4. The Committee welcomes the establishment of the National Observatory for Human Rights, and the Mediateur de la République (Ombudsman of the Republic), with competence to receive complaints from individuals about human rights violations.

5. The Committee commends the establishment of the National Committee for the Preservation and the Promotion of Women, and the increased participation of women in public life.

D. Principal subjects of concern and recommendations

6. The Committee is appalled at the widespread massacre of men, women and children in a great number of villages and towns.

The Committee is also seriously concerned that women have been the victims of not only killings but also of abduction and rape and severe violence.

The Committee is also concerned at the lack of timely or preventive measures of protection to the victims from police or military officials in the vicinity and at the persistent allegations of collusion of members of the security forces in terrorist attacks.

The Committee urges the State party to adopt effective measures:
a) to prevent those attacks and, if they nevertheless occur, to come promptly to the defence of the population;
b) to ensure that proper investigations are conducted by an independent body to determine who the offenders are and to bring them to justice; and
c) in all cases of massacres to conduct an independent enquiry into the conduct of the security
forces, from the lowest to the highest levels, and where appropriate, to subject them to penal and
disciplinary sanctions.

7. The Committee is further concerned at the less than satisfactory responses from the Delegation, with regard to innumerable reports of arbitrary or extrajudicial executions of individuals, some while in custody, others under suspicion of being associated in one way or another with terrorists groups.

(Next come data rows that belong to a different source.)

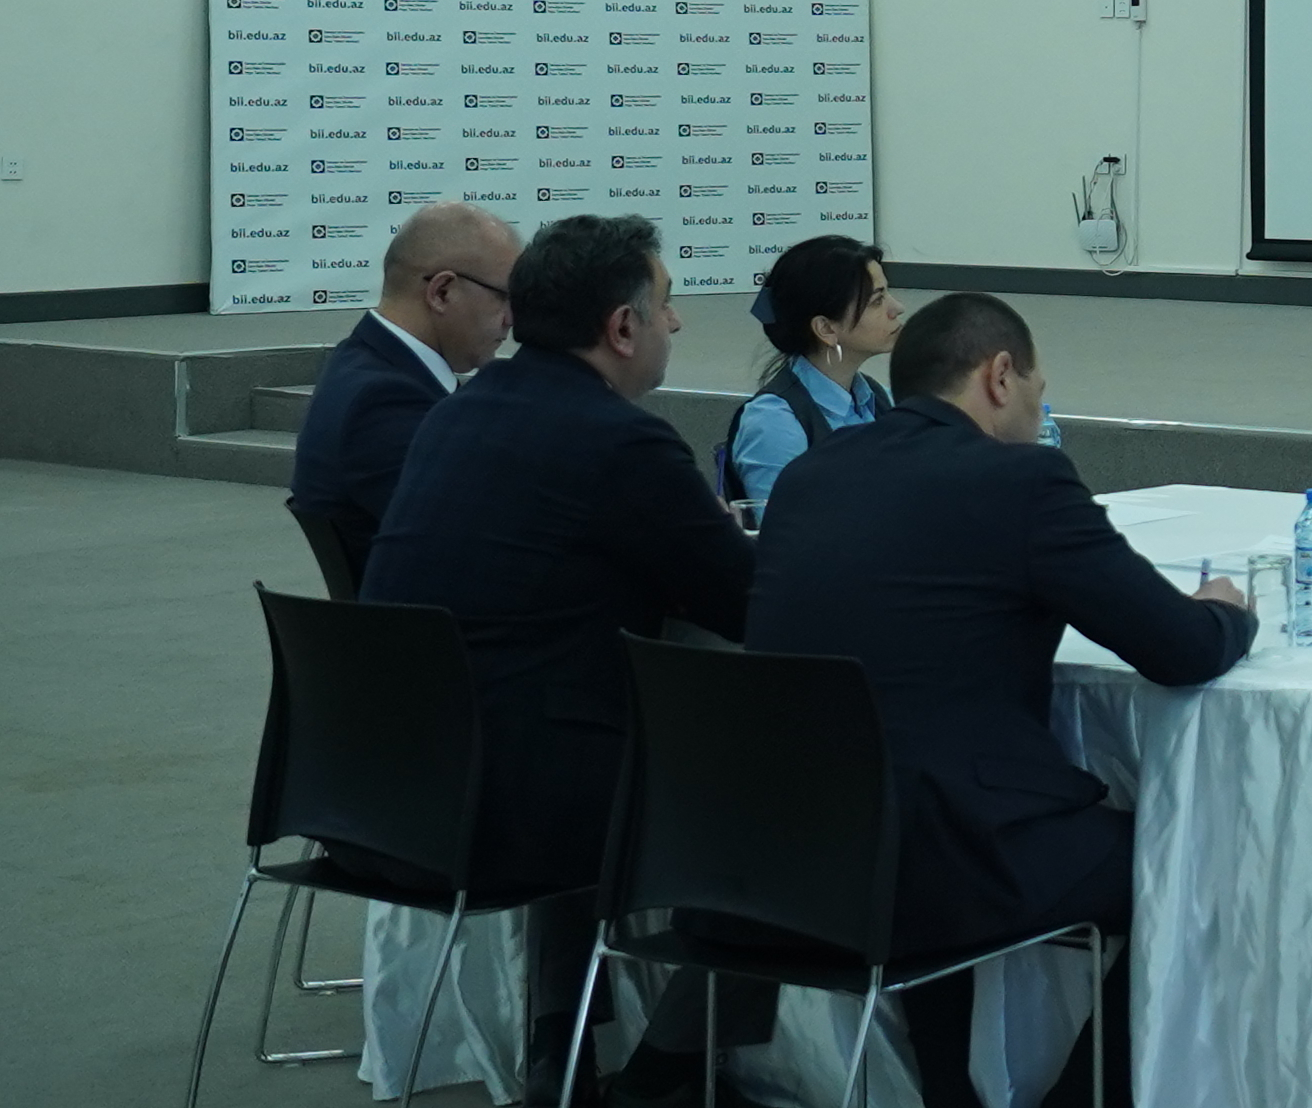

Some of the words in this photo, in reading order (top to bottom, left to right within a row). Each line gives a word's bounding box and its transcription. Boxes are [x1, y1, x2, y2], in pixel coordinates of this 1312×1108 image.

[458, 0, 514, 12] bii.edu.az
[604, 2, 658, 13] bii.edu.az
[743, 3, 794, 14] bii.edu.az
[227, 29, 287, 41] bii.edu.az
[386, 31, 442, 43] bii.edu.az
[535, 32, 590, 44] bii.edu.az
[679, 32, 731, 44] bii.edu.az
[816, 33, 865, 44] bii.edu.az
[308, 62, 366, 74] bii.edu.az
[460, 63, 516, 75] bii.edu.az
[606, 64, 659, 75] bii.edu.az
[745, 63, 795, 74] bii.edu.az
[228, 96, 288, 108] bii.edu.az
[387, 95, 444, 107] bii.edu.az
[537, 95, 591, 107] bii.edu.az
[680, 94, 732, 105] bii.edu.az
[817, 92, 867, 103] bii.edu.az
[309, 128, 367, 140] bii.edu.az
[461, 127, 517, 139] bii.edu.az
[607, 126, 660, 137] bii.edu.az
[746, 124, 797, 135] bii.edu.az
[538, 157, 592, 169] bii.edu.az
[681, 154, 733, 166] bii.edu.az
[818, 152, 868, 162] bii.edu.az
[229, 161, 289, 173] bii.edu.az
[388, 159, 445, 171] bii.edu.az
[608, 187, 661, 198] bii.edu.az
[747, 184, 798, 195] bii.edu.az
[310, 193, 369, 205] bii.edu.az
[463, 190, 518, 202] bii.edu.az
[682, 215, 734, 227] bii.edu.az
[819, 210, 869, 222] bii.edu.az
[230, 227, 291, 239] bii.edu.az
[748, 244, 788, 256] bii.edu.
[311, 258, 370, 270] bii.edu.az
[683, 276, 735, 287] bii.edu.az
[232, 293, 292, 305] bii.edu.az

The State party should urgently ensure that
a) independent mechanisms be set up to investigate all violations of the right to life and security of the person;
b) the offenders be brought to justice;
c) access be given as soon as possible to the ICRC and other independent observers.

8. The Committee is concerned about the meagre information provided by the Government, both in its report and its oral presentation and in its responses to questions raised by the Committee, regarding the organisation of the "legitimate defence groups", their official recognition, competence, supervision and training. Serious questions arise as to the legitimacy of the transfer of such power by the State to private groups, especially in view of the power which the State itself confers on them and the very real risk to human life and security entailed by the exercise of that power, coupled with the risks of unsanctioned abuse.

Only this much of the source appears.